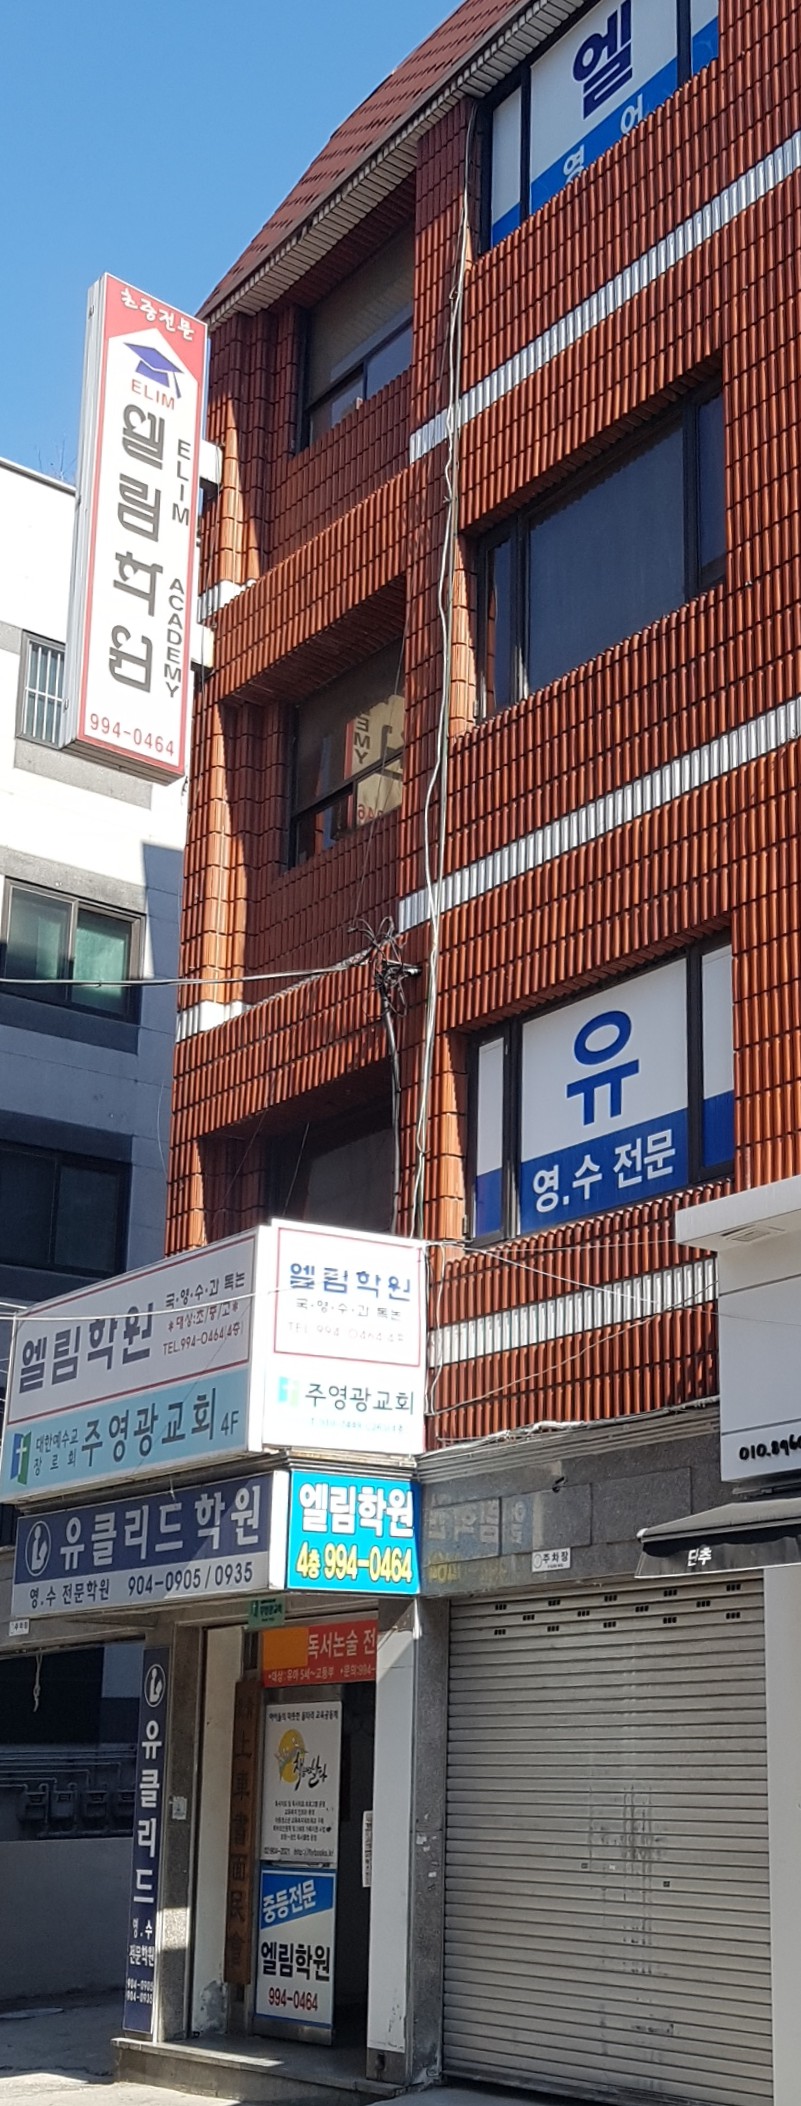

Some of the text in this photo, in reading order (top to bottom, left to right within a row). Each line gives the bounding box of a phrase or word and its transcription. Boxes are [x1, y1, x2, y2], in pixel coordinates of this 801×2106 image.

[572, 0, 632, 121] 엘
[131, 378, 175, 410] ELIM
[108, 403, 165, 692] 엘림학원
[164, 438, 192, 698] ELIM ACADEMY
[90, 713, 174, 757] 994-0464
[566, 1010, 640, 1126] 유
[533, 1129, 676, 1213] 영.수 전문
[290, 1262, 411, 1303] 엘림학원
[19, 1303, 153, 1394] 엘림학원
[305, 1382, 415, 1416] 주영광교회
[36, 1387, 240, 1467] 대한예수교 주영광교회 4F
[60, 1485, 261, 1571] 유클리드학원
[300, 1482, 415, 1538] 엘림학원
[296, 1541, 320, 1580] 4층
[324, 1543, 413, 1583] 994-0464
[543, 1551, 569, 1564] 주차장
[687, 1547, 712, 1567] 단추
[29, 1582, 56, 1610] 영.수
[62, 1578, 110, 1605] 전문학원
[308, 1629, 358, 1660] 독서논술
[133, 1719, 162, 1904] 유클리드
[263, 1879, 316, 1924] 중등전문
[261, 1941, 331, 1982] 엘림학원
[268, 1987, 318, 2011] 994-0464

## [Try it]
If a line holds a picture, skip the picture and transcribe the rest of the material exactly.

## [Task response]
Some of the text in this photo, in reading order (top to bottom, left to right within a row). Each line gives the bounding box of a phrase or word and its transcription. Boxes are [x1, y1, x2, y2], in pixel coordinates of this 801×2106 image.

[572, 0, 632, 121] 엘
[131, 378, 175, 410] ELIM
[108, 403, 165, 692] 엘림학원
[164, 438, 192, 698] ELIM ACADEMY
[90, 713, 174, 757] 994-0464
[566, 1010, 640, 1126] 유
[533, 1129, 676, 1213] 영.수 전문
[290, 1262, 411, 1303] 엘림학원
[19, 1303, 153, 1394] 엘림학원
[305, 1382, 415, 1416] 주영광교회
[36, 1387, 240, 1467] 대한예수교 주영광교회 4F
[60, 1485, 261, 1571] 유클리드학원
[300, 1482, 415, 1538] 엘림학원
[296, 1541, 320, 1580] 4층
[324, 1543, 413, 1583] 994-0464
[543, 1551, 569, 1564] 주차장
[687, 1547, 712, 1567] 단추
[29, 1582, 56, 1610] 영.수
[62, 1578, 110, 1605] 전문학원
[308, 1629, 358, 1660] 독서논술
[133, 1719, 162, 1904] 유클리드
[263, 1879, 316, 1924] 중등전문
[261, 1941, 331, 1982] 엘림학원
[268, 1987, 318, 2011] 994-0464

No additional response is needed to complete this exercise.